Board reviews procurement items and banking-services solicitation; procurement staff explain scoring rubric

Muscogee County School District Board (work session) · January 13, 2026

Get AI-powered insights, summaries, and transcripts

Subscribe
AI-Generated Content: All content on this page was generated by AI to highlight key points from the meeting. For complete details and context, we recommend watching the full video. so we can fix them.

Summary

Finance committee presented multiple purchase exceptions (Gold Book $65,450; psychological services up to $125,000; seating and technology purchases) and described a banking-services RFP evaluation that recommended continuing with the incumbent after a limited bidder response and a weighted rubric.

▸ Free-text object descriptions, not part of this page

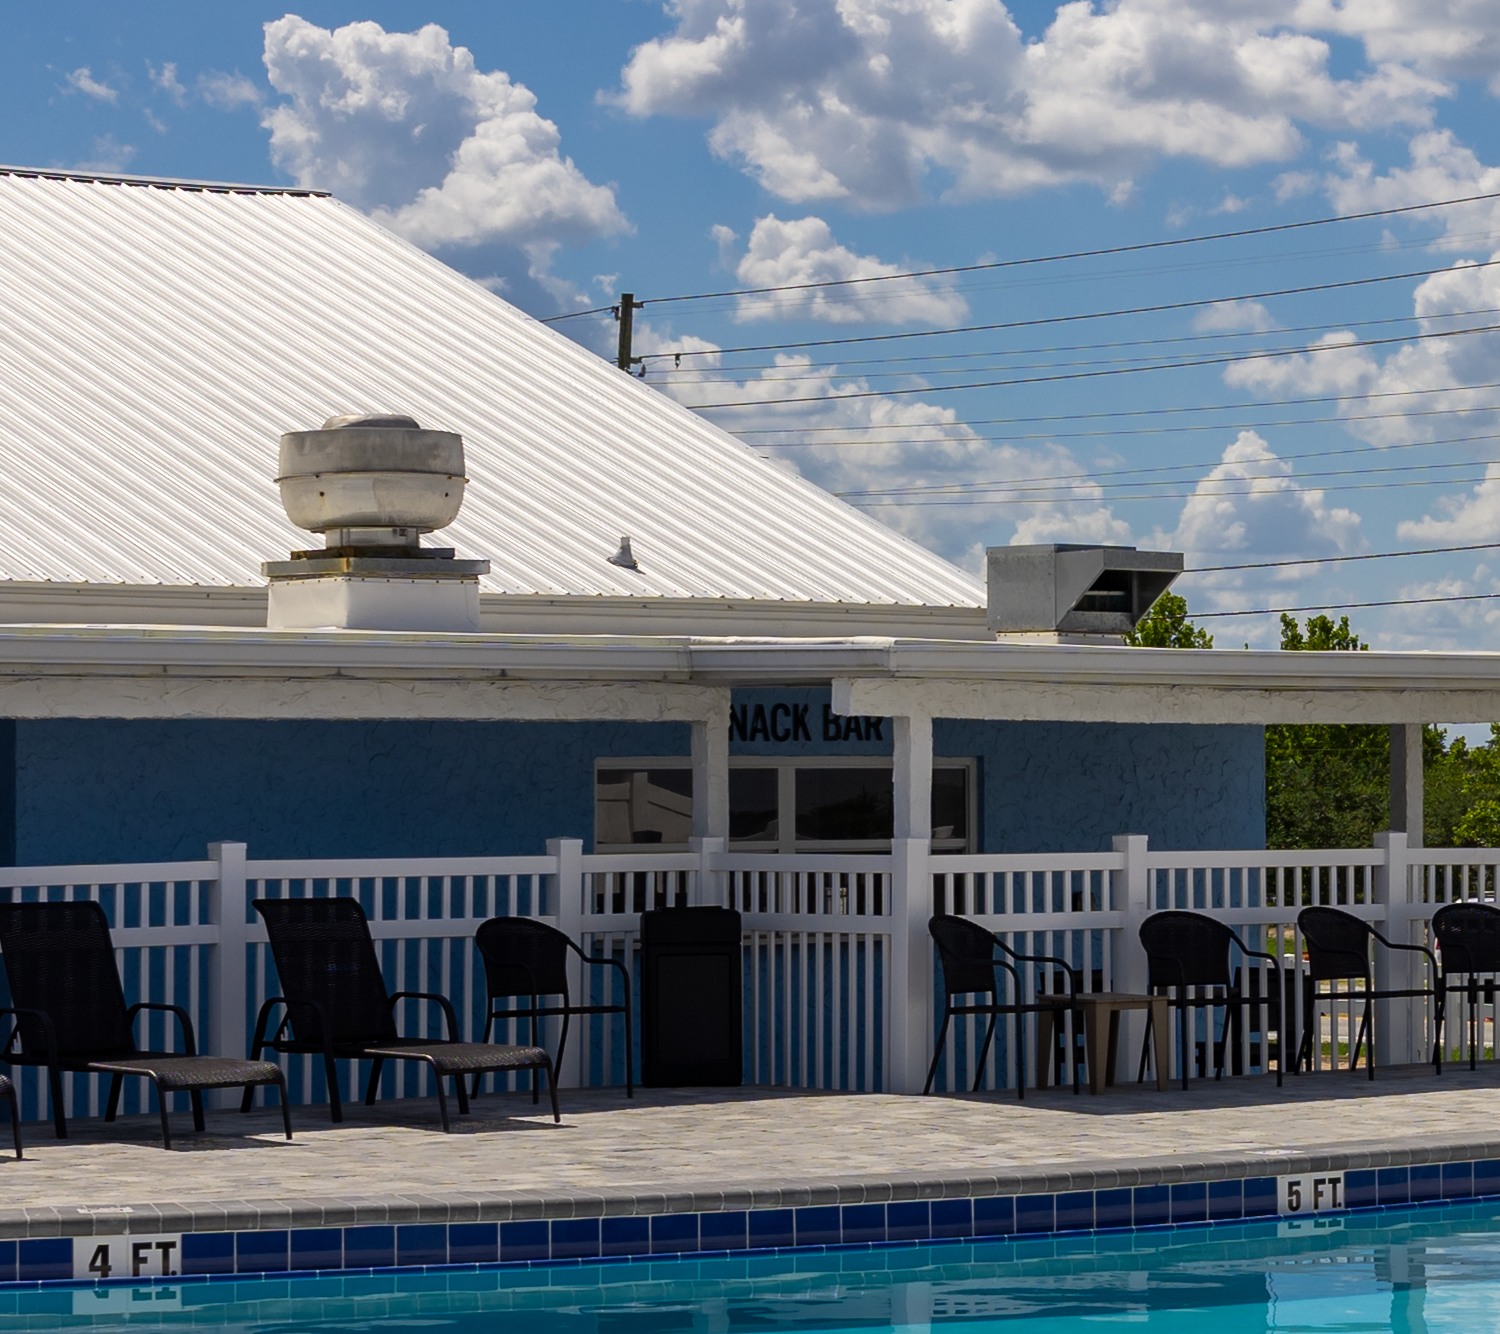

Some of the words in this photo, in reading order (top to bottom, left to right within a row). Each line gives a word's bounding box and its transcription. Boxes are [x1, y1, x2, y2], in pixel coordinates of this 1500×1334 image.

[729, 703, 812, 742] NACK
[822, 703, 883, 741] BAR
[1287, 1180, 1301, 1212] 5
[1313, 1177, 1342, 1210] FT.
[88, 1244, 112, 1278] 4
[132, 1241, 177, 1277] FT.

The finance committee reviewed a set of procurement and budget items and spent substantial time on a competitive solicitation for district banking services.

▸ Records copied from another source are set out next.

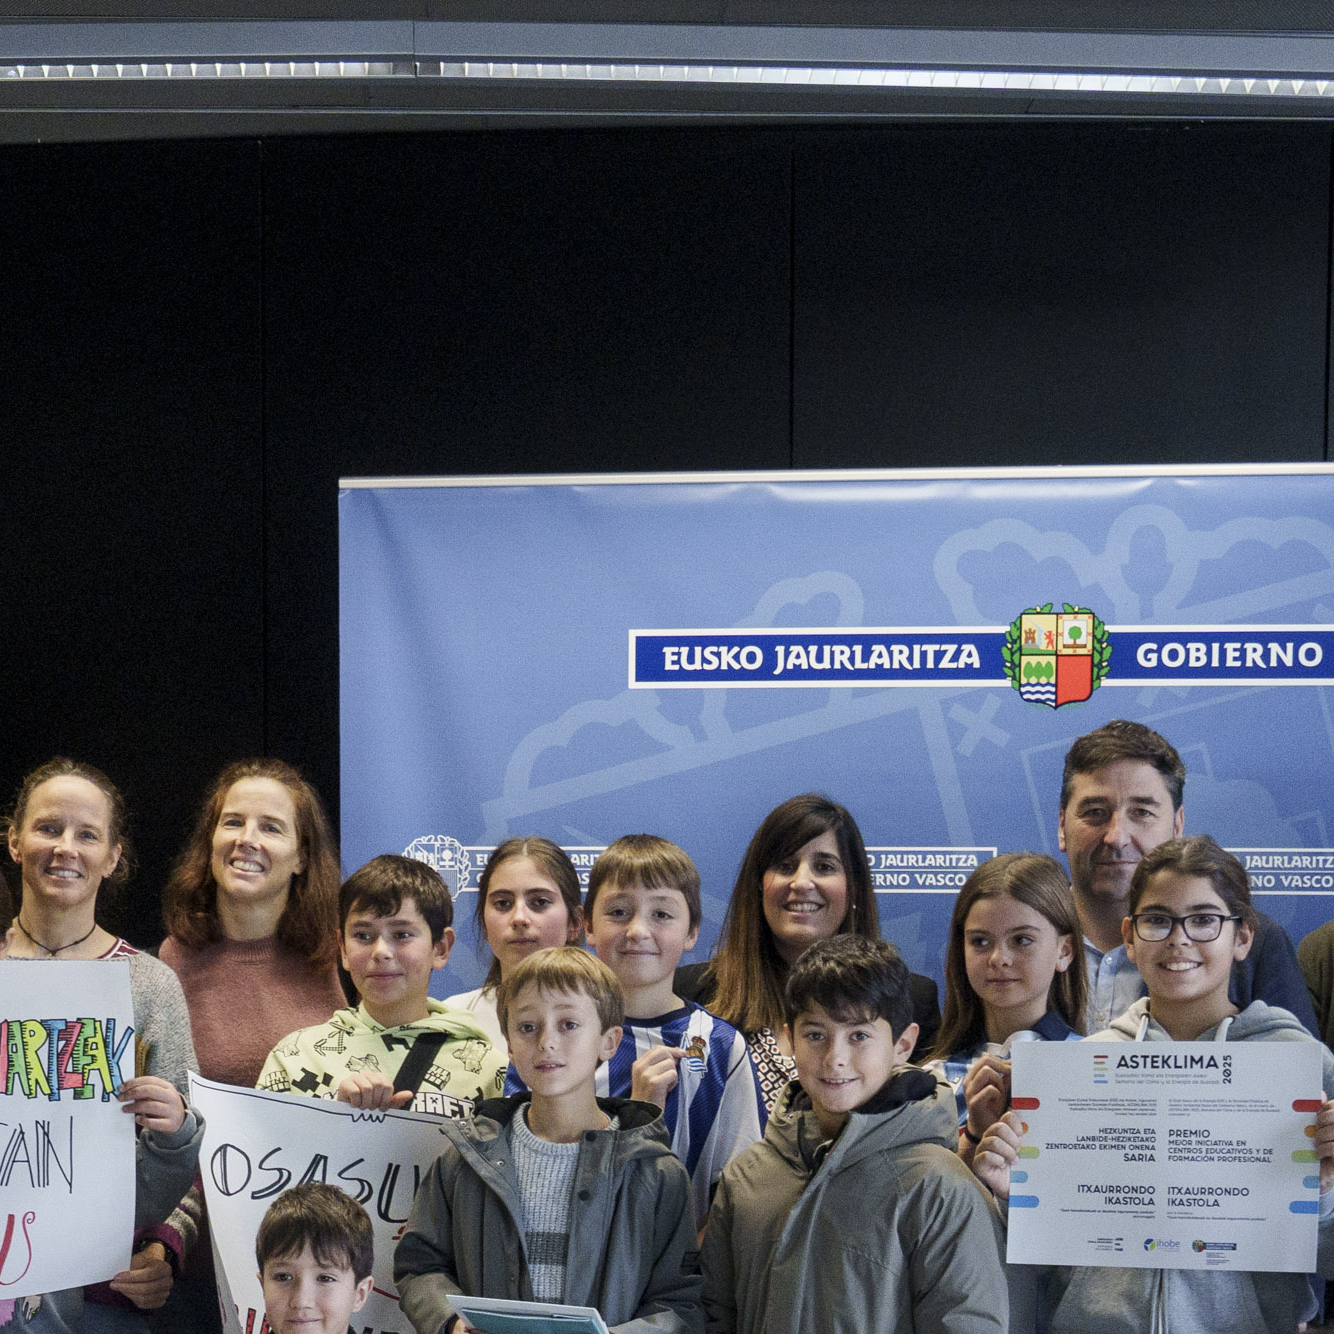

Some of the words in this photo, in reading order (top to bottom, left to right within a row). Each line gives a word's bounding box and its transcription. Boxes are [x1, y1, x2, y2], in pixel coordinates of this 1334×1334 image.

[662, 645, 763, 671] EUSKO
[773, 644, 980, 675] JAURLARITZA
[1136, 641, 1323, 669] GOBIERNO
[880, 854, 978, 869] JAURLARITZA
[914, 874, 967, 886] VASCO
[1280, 875, 1334, 888] VASCO
[1116, 1054, 1219, 1069] ASTEKLIMA
[1222, 1054, 1232, 1084] 2025
[1098, 1127, 1141, 1135] HEZKUNTZA
[1168, 1129, 1210, 1139] PREMIO
[1076, 1135, 1156, 1143] LANBIDE-HEZIKETAKO
[1098, 1143, 1126, 1151] EKIMEN
[1205, 1147, 1253, 1155] EDUCATIVOS
[1123, 1153, 1156, 1162] SARIA
[1217, 1155, 1272, 1163] PROFESIONAL
[210, 1143, 420, 1224] OSASU
[1077, 1184, 1156, 1195] ITXAURRONDO
[1167, 1186, 1250, 1197] ITXAURRONDO
[1104, 1196, 1155, 1206] IKASTOLA
[1167, 1198, 1220, 1207] IKASTOLA
[1156, 1238, 1181, 1248] ihobe

Items presented included a partial district membership for Inomi Inc. (Gold Book) costing $65,450 for up to 110 users, a recommended increase to a purchase order for psychological services (Odell Vining) not to exceed $125,000 to meet demand for services required under IDEA, and bids for event chairs (Schools Specialty) that would raise total expenditures for that vendor to $76,915 if approved.

Procurement senior director Edwin Joseph explained the district’s evaluation rubric for the banking solicitation: the technical evaluation uses three weighted categories, a 600-point technical base scaled by category weights, and evaluators rate sections 1–10; averages and weighted multipliers produce an aggregated score. “The rubrics actually… there’s like something called, like, a weight average,” Joseph said, summarizing the scoring method.

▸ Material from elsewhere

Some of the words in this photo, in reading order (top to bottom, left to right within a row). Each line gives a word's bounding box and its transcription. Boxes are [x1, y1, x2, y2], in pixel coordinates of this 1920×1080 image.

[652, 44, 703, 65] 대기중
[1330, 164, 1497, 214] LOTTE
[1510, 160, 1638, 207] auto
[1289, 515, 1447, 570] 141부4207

Board members noted only two timely bank responses and asked about how a possible bank merger would affect contract performance; procurement staff said contracts are reviewed annually and can be re-bid if significant changes occur. Members also asked clarifying operational questions about procurement, p-card arrangements and where specific purchased items (for instance, AED cabinets or defibrillators) would be housed.

No formal contract award vote was recorded during the work session; staff said recommended awards and contract documents will return to the board for formal approval at upcoming meetings.